Ferenc was born in Ruszów-Kolonia in the administrative district of Gmina Łabunie, within Zamość County in Lublin Voivodeship in Poland on 27 April 1934. She lived with her parents and family in the village of Sochy, Lublin Voivodeship in the Zamość region. During World War II, as a 9-year-old child, she survived the massacre of the village of Sochy by Nazi Germany on 1 June 1943 during German occupation of Poland. Her parents were murdered then. The village was also bombed by German Luftwaffe planes. As an orphan, she was raised by relatives and in orphanages. After graduating from Teacher's College, she taught at the Lyceum in Rybnik. In 1956 she married the poet Zbigniew Jankowski. She raised two daughters, also a poet: Anna Janko and Milena Wieczorek.

As a poet Ferenc debuted in 1958. Her first published book of poems was Moje ryżowe poletko ("My rice field") in 1964. Her works have appeared in dozens of anthologies and other collective publications in Poland and abroad. She also published books with poems for children. Together with her husband Zbigniew Jankowski, she founded the poetic group "Reda". In 2004 and 2009 she was the laureate of the President of the City of Gdańsk Award in the Field of Culture.

She was a member of the PEN Club and a founding member of the Polish Writers' Association (SPP). The poet publishes, among others in Twórczość ("Creativity"), Odra (magazine), Topos.

In 2016, Ferenc with her husband Zbigniew Jankowski was awarded the silver "Medal for Merit to Culture – Gloria Artis".

==Teresa Ferenc in film and books==
Dramatic events in the life of Ferenc, when she survived as a 9-year-old child, the Sochy massacre by the German occupiers on 1 June 1943, in which she lost both parents – were described in a book titled Mała Zagłada ("A Little Annihilation") written by her daughter, poet Anna Janko.

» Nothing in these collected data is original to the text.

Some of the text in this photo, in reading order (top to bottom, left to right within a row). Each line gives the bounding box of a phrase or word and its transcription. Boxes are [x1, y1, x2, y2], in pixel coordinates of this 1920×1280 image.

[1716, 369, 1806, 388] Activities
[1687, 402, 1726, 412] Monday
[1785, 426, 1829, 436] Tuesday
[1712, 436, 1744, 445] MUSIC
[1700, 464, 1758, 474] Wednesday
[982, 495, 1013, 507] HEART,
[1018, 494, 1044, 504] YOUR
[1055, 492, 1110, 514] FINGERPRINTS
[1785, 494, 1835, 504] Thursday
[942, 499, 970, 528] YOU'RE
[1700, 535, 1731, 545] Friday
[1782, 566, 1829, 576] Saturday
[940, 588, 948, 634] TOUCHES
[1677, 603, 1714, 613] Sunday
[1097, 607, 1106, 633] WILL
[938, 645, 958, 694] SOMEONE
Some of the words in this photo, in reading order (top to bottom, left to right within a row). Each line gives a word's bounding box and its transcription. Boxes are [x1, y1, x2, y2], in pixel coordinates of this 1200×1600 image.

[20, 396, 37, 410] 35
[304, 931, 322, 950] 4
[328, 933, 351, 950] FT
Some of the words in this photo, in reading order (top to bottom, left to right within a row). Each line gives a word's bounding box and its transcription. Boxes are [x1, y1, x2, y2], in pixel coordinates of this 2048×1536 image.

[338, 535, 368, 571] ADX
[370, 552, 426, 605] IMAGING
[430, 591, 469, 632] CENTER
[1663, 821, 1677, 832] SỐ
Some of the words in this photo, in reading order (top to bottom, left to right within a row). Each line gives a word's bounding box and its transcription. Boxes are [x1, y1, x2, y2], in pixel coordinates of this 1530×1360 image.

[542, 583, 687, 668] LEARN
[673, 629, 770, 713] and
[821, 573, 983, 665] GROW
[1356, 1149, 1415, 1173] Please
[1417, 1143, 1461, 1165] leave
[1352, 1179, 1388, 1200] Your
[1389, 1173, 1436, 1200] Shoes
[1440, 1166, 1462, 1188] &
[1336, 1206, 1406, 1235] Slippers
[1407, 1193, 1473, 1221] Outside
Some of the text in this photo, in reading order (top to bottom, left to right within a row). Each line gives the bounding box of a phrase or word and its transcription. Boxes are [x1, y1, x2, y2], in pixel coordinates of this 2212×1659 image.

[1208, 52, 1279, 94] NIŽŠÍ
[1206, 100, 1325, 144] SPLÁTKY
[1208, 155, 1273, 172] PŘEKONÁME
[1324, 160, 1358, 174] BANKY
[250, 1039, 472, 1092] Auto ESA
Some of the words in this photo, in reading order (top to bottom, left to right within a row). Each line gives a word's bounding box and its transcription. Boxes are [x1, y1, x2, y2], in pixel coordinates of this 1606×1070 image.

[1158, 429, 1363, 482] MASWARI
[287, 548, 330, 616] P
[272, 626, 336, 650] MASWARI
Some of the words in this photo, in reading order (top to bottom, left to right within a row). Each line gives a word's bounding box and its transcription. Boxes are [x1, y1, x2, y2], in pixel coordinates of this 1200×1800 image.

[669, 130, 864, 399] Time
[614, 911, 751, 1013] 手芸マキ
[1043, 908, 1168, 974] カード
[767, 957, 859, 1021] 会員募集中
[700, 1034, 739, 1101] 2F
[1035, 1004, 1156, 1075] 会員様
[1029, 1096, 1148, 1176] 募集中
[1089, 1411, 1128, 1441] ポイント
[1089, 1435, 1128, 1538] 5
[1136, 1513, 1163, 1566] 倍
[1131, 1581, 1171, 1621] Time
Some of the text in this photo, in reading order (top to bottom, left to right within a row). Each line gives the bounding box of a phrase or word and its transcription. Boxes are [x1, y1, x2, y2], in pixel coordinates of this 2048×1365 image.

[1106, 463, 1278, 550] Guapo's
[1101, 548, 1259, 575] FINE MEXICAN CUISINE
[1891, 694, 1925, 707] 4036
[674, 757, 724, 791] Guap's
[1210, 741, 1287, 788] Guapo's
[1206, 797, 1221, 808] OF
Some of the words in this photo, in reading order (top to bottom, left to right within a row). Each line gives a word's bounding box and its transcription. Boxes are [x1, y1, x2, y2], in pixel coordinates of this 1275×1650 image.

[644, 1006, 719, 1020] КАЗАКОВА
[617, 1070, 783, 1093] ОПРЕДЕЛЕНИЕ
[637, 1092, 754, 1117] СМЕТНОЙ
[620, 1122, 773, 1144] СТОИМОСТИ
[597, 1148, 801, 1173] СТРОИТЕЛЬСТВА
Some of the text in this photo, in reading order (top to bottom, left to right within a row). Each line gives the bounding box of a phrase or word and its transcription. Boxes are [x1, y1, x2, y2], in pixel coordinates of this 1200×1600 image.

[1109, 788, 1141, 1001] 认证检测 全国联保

The book Mała Zagłada ("A Little Annihilation") by Anna Janko became the canvas for the creation of the film Natalia Koryncka-Gruz entitled "A Minor Genocide" (Mała zagłada). The film reminds of the tragic fate of Ferenc and the inhabitants of the village of Sochy in the Zamość region, victims of the massacre. The consequences of war and war crimes in subsequent generations, families of victims of genocide are also shown.

==Selected works==
- Moje ryżowe poletko ("My rice field") (1964),
- Zalążnia ("Ovary") (1968),
- Godność natury ("Dignity of nature") (1973),
- Ciało i płomień ("Body and flame") (1974),
- Małżeństwo ("Marriage") (1975),
- Poezje wybrane i nowe ("Selected and new poetry") (1975),
- Wypalona dolina ("Burned Valley") (1979),
- Poezje wybrane ("Selected poetry") (1980),
- Pieta ("Pietà") (1981),
- Najbliższa ojczyzna ("Nearest homeland") (1982),
- Grzeszny pacierz ("A sinful prayer") (1983).
- Drzewo dziwo ("Amazingly tree") (1987),
- Nóż za ptakiem ("Knife behind the bird") (1987),
- Kradzione w raju (1988),
- Wybór wierszy Swallowing Paradise. Poems. (1992) (in United States),
- Wiersze ("Poems") (1994),
- Boże pole ("God's field") (1997),
- Psalmy i inne wiersze dawne i nowe ("Psalms and other old and new poems") (1999),
- Dzieci wody ("Water children") (2003),
- Stara jak świat ("Old as the world") (2004),
- Ogniopis. Wybór wierszy ("Ogniopis. Selection of poems") (2009),
- Widok na życie ("A view of life") (2012)
- Wiersze. Wybor ("Poems. Choice") (2017)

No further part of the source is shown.